The decision follows an anti-dumping probe in July last year after a complaint filed by state-owned Shanxi Taigang Stainless Steel.

"The investigation agency has made a final decree that there was dumping of the investigated products and it has caused substantive damage to the industry in China," said the commerce ministry in the statement.

Stainless steel billets and hot-rolled stainless steel plates are mainly used as raw material to make cold-rolled stainless steel products or used in shipbuilding, containers, rail, power and other industries.

China, the world's largest stainless steel producer, churned out 26.71 million tonnes of stainless steel products in 2018, up 2.4 per cent from a year ago, according to China's Stainless Steel Association.
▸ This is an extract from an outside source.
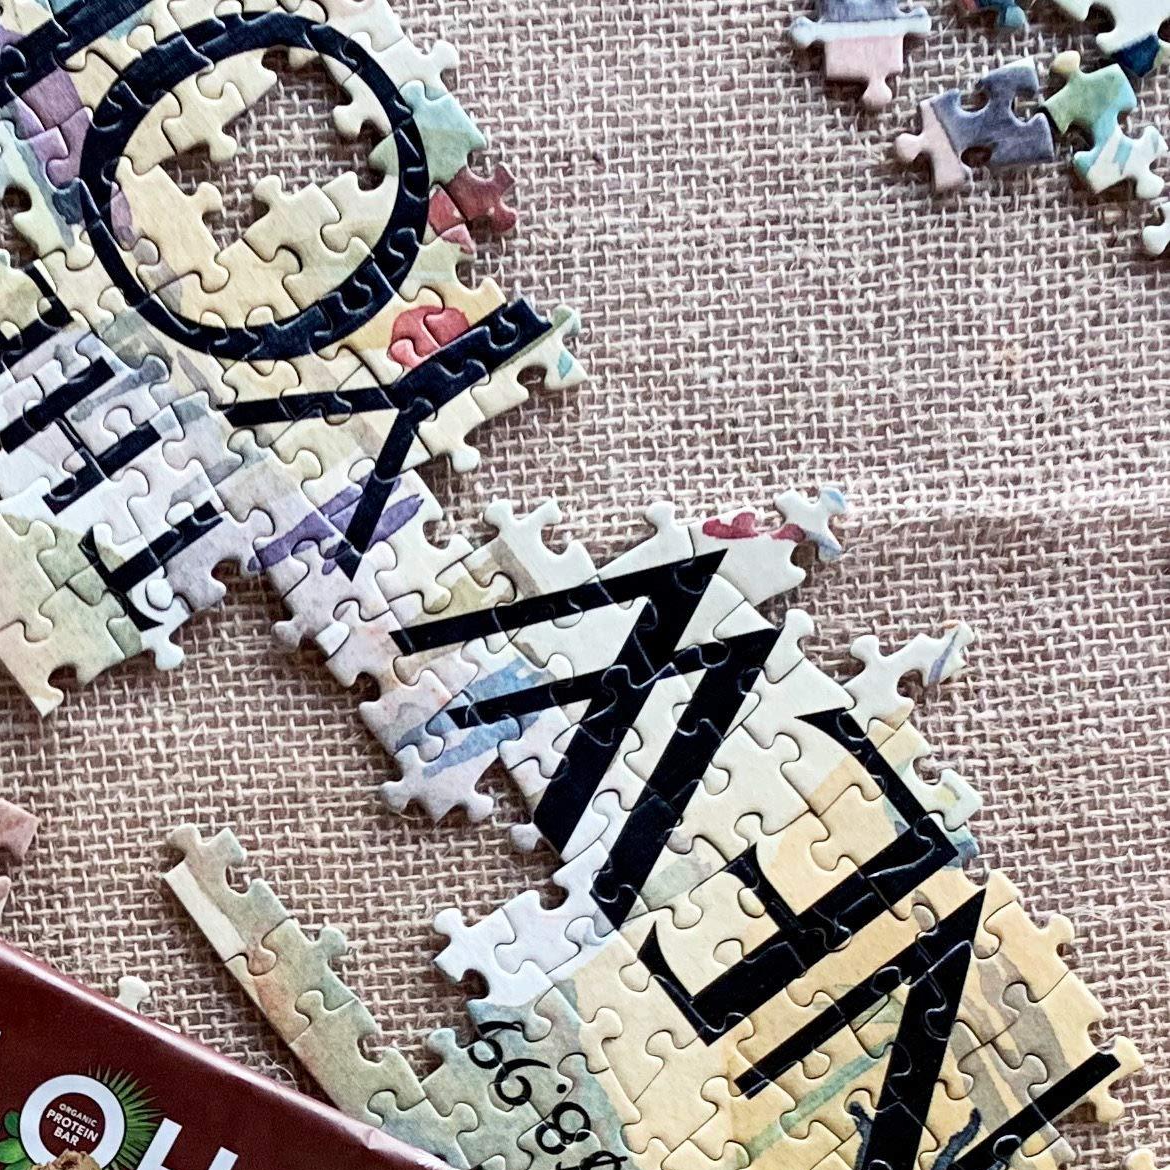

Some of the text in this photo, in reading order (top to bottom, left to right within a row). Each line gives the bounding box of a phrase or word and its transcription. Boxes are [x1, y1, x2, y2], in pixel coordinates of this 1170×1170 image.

[46, 1109, 99, 1143] PROTEIN
[59, 1103, 98, 1127] ORGANIC
[53, 1126, 80, 1146] BAR
The country imported 1.85 million tonnes of stainless steel products last year, up 53.7 per cent from 2017.

Another Jakarta report adds: Indonesia has agreed to extend the production sharing contract for the Corridor natural gas block with ConocoPhillips, Spain's Repsol SA and Pertamina, Deputy Energy Minister Arcandra Tahar said on Monday.

The existing contract will expire in December 2023 and the ministry has agreed to extend the contract by 20 years to 2043.

ConocoPhillips will operate the block until 2026 before starting to transfer operatorship to state-owned Pertamina, Energy Minister Ignasius Jonan said, adding there was no set timeframe for the transfer.

"After a reasonable length of transitional period, ConocoPhillips will transfer (operatorship) to Pertamina," he said.

Bijan Agarwal, president of ConocoPhillps Grissik Ltd, told reporters the arrangement was a "win-win" as the US company would have been operating the block for 40 years by 2023.

The three years until 2026 will "make sure we have the continuity going through into the new production sharing contract," Agarwal said.

Nicke Widyawati, chief executive of Pertamina, said the transitional period would help Pertamina avoid the risk of a drop in production from the block during the transfer.